Abstract | November 10, 2020
Nintedanib Induced Colitis Treated Effectively with Budesonide
Learning Objectives
- Diarrhea and colitis are a well known common side effect of nintedanib and often lead to the discontinuation of this medication. In patients with nintedanib induced colitis/diarrhea who are resistant to oral antidiarrheal medications, budesonide could be a viable option to cure this common side effect. Further research is needed to help standardize its use and prevent IPF treatment interruption.

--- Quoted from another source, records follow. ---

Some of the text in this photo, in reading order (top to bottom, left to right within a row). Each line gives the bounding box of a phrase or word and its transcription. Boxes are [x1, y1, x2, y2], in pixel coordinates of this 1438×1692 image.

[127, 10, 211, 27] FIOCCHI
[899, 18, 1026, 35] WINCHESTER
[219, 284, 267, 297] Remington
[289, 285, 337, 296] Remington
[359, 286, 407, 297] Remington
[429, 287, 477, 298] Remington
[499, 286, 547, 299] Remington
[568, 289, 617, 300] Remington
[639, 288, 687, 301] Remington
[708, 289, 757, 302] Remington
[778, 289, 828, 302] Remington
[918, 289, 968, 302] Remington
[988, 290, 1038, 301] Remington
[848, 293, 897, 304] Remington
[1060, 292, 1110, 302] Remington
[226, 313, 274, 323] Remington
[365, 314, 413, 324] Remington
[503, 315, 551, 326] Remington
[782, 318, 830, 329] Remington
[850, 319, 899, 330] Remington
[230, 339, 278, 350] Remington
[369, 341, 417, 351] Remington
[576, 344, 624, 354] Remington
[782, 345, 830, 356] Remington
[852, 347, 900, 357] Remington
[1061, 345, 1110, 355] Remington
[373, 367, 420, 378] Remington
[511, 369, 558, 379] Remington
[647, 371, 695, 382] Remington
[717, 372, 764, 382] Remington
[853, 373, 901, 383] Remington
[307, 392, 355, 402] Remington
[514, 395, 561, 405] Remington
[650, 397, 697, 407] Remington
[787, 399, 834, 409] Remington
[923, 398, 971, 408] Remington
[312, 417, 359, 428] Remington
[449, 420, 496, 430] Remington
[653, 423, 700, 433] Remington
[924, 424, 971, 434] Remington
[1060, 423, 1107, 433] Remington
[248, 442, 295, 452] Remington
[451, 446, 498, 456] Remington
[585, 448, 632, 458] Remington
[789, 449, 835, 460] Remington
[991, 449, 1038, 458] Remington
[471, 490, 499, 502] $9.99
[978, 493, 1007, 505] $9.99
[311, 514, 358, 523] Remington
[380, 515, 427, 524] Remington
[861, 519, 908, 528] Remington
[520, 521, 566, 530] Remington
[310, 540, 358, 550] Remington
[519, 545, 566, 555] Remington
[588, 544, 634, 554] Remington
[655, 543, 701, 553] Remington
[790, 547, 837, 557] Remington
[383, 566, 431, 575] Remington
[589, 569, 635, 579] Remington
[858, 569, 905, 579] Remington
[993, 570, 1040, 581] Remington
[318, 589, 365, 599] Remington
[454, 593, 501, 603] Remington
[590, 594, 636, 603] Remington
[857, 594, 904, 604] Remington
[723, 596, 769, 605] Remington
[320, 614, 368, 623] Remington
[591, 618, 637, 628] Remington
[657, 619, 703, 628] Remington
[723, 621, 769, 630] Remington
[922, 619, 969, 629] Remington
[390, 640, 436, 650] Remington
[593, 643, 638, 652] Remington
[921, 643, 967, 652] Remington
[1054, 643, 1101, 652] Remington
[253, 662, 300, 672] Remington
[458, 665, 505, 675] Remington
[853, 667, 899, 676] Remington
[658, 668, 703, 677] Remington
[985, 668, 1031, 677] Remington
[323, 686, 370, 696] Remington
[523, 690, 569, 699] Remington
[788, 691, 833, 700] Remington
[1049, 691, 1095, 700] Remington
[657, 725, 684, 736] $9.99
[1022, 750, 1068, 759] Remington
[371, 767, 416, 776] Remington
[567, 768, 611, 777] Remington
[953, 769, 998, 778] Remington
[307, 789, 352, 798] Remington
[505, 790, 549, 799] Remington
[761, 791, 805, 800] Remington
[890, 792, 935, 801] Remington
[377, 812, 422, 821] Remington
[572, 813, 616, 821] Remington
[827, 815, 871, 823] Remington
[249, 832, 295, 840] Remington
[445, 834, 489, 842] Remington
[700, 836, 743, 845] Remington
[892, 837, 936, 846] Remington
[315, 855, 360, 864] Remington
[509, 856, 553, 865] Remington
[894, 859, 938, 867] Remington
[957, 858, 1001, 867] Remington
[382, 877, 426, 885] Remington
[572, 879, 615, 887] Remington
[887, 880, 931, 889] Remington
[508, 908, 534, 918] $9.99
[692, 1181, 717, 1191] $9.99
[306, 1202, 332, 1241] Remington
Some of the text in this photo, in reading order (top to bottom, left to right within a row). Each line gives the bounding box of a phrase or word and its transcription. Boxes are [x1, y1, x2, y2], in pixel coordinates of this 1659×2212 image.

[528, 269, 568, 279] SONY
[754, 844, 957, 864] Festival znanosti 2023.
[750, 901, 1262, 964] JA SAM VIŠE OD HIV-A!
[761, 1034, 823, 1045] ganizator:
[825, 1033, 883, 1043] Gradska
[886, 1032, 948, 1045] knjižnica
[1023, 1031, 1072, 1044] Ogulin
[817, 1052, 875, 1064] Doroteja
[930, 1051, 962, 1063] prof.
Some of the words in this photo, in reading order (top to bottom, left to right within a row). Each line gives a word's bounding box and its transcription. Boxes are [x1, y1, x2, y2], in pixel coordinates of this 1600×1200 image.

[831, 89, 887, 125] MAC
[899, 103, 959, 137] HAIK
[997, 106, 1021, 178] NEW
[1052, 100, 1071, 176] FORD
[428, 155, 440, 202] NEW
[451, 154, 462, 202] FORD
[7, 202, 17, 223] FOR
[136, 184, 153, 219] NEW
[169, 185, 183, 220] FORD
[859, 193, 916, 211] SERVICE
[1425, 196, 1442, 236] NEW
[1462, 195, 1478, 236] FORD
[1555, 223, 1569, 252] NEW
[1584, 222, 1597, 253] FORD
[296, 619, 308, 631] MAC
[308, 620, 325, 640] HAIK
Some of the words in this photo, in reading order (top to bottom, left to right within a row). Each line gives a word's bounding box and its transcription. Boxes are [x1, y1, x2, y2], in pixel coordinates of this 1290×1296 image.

Introduction: Nintedanib, a tyrosine kinase inhibitor, displays antifibrotic activity via blockade of three receptors (PDGFR, VEGFR, and FGFR). This drug was initially developed as an anti-tumor agent but was later recognized for its unique antifibrotic activity. It is mainly cleared by liver metabolism, with most of the metabolites being excreted in the feces (feces 93.4%, urine<1%). The most common adverse effect associated with nintedanib is diarrhea (62 %), which has led to a permanent dose reduction in 11 % of patients and discontinuation in 5 %. Here we report a case of nintedanib induced diarrhea with complete clinical resolution after treatment with oral budesonide.
Case Presentation: A 68-year-old male with a past medical history of interstitial pulmonary fibrosis (IPF) and chronic diarrhea for 3 years was admitted to the hospital with the chief complaint of hematochezia and worsening diarrhea. He denied any abdominal pain or nausea. In the past 3 years, he was taking nintedanib (150 mg twice daily) for IPF. For his diarrhea, he was maintained on cholestyramine twice a day and other antidiarrheals, but his diarrhea persisted and worsened. A colonoscopy performed 2 years ago showed non-specific moderate diffuse colitis. The physical examination and vital signs were unremarkable. His blood work, including complete blood count (CBC) and comprehensive metabolic panel (CMP), was within normal limits. His CRP was mildly elevated. Repeat colonoscopy revealed diffuse areas of erythematous, friable, and granular mucosa throughout the entire colon, similar to the previous endoscopic findings. Histopathology showed acute superficial inflammation, and expansion of lamina propria by lymphoplasmacytic infiltrate, raising the possibility of nintedanib induced colitis. As it was more pertinent to continue with nintedanib for his IPF, we elected to treat his colitis with budesonide. He was started on 9 mg oral budesonide with the plan to slowly taper it to the minimum effective dose. His diarrhea gradually improved, and at his follow up visit about 4 months later, it had completely resolved.
Final diagnosis: Nintedanib-induced diarrhea/colitis
Management: The mechanism of nintedanib-induced diarrhea/colitis remains unknown. One of the proposed mechanisms involves direct inflammation of the intestinal epithelium induced by nintedanib decomposition products. Nintedanib is primarily cleared via liver metabolism, with most of the metabolites being excreted in the feces. This inflammation, like that of inflammatory bowel disease, may respond to corticosteroid treatment resulting in the improvement of diarrhea. In our patient, stopping this medication was not a viable option since it was very effective in reducing disease progression. We used budesonide, a glucocorticoid with high first-pass metabolism, as its systemic side effects would be less severe as compared with conventional glucocorticoids. The patient had complete clinical remission in less than three months.